The verdict: Plath had much to say. Soon after the 1982 publication of "The Journals of Sylvia Plath," Steven Gould Axelrod lashed out at Ted Hughes in the American Poetry Review. As Axelrod saw it, Plath's journals had been "heavily" and "misleadingly" edited for publication. "The editorial commentary is not altogether trustworthy," he charged, and "the text is a trace of omission marks and ellipses."
Specifically Axelrod charged that Hughes had insisted on cuts in Plath's journals to protect himself from a harsh, unflattering portrayal of their life together. Plath had, after all, taken her own life in the winter of 1963, six months after the breakup of their marriage. In Axelrod's mind, and others', the omission marks in the journals came to stand for Plath's own silenced rage.
These arguments have persisted and indeed been given a second life by a new generation of readers convinced that they are equipped to judge the shades of gray in Hughes and Plath's marriage.
The publication of "The Unabridged Journals of Sylvia Plath" is, in large part, a response to this long-running debate. Editor Karen Kukil is associate curator at the Smith College Library, where Hughes placed Plath's journals in 1981. As Kukil makes clear in her preface, her aim was to let Sylvia Plath speak for herself. These journals have been transcribed from the original manuscripts with a minimum of editorial apparatus or commentary. They cover the years 1950 to 1962 --- from Plath's freshman year at Smith College to a year before her death --- and are more than twice as long as the 1982 edition.
What does Plath have to say? A great deal, it turns out. These journals document the intensity of her ambition and trace the cometlike trajectory of her creative life. Intertwined with that ambition to write, however, is the equally prominent theme of her search for a mate. These seemingly separate threads are curiously woven together in Plath's mind.
(In a particularly revealing entry, she blasts one early boyfriend for both his impotence and his inability to spell.) Indeed, at times, the journals present not so much a single life as multiple ones, such was the hunger for experience that she brought to all she did. "I would like a life of conflict," she writes, "of balancing children, sonnets, love and dirty dishes; and banging banging an affirmation of life out on pianos and ski slopes and in bed in bed in bed."

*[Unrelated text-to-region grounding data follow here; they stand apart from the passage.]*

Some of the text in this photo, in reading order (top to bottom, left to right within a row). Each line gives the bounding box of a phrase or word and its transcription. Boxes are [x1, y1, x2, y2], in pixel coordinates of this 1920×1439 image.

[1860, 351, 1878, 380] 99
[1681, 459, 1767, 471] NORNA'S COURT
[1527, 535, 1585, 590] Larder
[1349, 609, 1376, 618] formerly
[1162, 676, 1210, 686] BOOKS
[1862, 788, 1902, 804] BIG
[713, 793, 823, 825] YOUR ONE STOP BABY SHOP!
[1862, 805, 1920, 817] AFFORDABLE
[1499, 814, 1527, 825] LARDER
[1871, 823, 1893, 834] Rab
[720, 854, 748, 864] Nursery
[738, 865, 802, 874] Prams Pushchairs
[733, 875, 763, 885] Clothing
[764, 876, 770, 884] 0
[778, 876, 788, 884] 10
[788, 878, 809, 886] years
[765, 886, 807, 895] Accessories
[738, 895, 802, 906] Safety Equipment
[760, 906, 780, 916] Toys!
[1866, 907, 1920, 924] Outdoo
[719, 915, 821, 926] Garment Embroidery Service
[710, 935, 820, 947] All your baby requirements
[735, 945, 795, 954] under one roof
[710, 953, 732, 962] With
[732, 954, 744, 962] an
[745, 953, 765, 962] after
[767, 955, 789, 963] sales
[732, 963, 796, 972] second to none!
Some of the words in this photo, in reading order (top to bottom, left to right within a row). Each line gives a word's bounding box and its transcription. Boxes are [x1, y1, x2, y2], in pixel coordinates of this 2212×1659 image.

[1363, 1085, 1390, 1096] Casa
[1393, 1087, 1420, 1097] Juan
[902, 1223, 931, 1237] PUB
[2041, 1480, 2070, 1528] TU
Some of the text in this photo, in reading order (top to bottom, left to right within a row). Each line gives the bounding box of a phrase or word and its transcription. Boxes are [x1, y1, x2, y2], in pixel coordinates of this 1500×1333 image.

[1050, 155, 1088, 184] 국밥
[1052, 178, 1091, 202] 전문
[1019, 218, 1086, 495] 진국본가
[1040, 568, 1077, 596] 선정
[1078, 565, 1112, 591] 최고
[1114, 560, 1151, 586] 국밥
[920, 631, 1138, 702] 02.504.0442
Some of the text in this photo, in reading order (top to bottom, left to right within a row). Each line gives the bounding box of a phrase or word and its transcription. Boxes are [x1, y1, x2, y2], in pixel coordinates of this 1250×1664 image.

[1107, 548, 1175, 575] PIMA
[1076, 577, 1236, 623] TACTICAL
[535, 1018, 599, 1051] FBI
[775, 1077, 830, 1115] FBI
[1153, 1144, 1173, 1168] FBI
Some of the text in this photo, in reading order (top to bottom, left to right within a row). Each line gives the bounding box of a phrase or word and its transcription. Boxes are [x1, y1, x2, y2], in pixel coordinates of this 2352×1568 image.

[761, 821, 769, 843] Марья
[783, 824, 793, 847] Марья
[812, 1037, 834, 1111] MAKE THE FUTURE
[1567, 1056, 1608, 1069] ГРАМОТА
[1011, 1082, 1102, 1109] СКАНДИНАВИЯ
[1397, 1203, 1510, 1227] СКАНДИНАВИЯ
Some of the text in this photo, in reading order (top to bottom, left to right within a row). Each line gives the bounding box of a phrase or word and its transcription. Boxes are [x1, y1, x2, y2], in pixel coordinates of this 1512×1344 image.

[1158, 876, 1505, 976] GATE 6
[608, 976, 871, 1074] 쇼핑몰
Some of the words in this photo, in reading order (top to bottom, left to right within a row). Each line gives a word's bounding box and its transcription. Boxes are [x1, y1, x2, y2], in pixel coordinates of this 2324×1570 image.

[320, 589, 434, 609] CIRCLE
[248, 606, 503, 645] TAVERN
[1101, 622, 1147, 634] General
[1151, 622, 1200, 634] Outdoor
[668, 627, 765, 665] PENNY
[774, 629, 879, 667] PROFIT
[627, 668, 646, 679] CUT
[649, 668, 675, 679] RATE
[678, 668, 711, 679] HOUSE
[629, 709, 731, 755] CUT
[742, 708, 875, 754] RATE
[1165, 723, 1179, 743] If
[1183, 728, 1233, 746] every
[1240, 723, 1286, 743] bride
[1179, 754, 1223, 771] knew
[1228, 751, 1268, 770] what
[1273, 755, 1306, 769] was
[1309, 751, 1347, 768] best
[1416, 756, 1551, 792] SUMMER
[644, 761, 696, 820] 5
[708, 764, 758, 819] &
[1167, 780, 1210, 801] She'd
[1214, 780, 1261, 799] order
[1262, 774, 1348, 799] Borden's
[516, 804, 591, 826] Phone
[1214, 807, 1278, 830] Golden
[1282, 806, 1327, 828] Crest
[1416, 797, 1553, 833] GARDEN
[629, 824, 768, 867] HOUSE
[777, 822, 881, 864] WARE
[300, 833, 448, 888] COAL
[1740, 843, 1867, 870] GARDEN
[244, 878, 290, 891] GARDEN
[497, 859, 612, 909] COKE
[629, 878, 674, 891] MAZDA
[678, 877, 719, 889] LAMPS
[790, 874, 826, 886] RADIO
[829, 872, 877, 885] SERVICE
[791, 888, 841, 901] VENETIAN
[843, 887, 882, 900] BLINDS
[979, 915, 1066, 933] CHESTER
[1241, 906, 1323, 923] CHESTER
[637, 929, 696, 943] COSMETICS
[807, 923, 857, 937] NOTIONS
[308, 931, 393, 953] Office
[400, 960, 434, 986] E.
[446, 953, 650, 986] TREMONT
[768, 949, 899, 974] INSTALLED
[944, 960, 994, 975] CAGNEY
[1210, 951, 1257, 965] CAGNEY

Forging a self from these multiple ambitions is the main plot of these journals. The intensity she brings to that task was no doubt encouraged by the very practice of keeping this journal. Whether the subject at hand is her desperate need for some measure of success, the blows to the self endured in the ordinary press of events, her search for a partner capable of giving support and sustenance, the vicissitudes of intimate relationships or the fundamental effort to form a coherent self, Plath's concerns are familiar and recognizable. The self that emerges from the journals would be worthy of our attention whether she ever wrote poems or not. She is, quite simply, the diarist of our time. The journals will be read, however, not only for the record they offer of a remarkable creative life, but also for evidence in the ongoing debate over Hughes and Plath's life together. To read them in such a way, however, is to only half read and to shut one's heart to the human story that they relate. It is also to ignore a simple point often overlooked by readers who cannot see past Plath's tragic end. That is, for six of their seven years together, Ted Hughes and Sylvia Plath loved and were committed to each other.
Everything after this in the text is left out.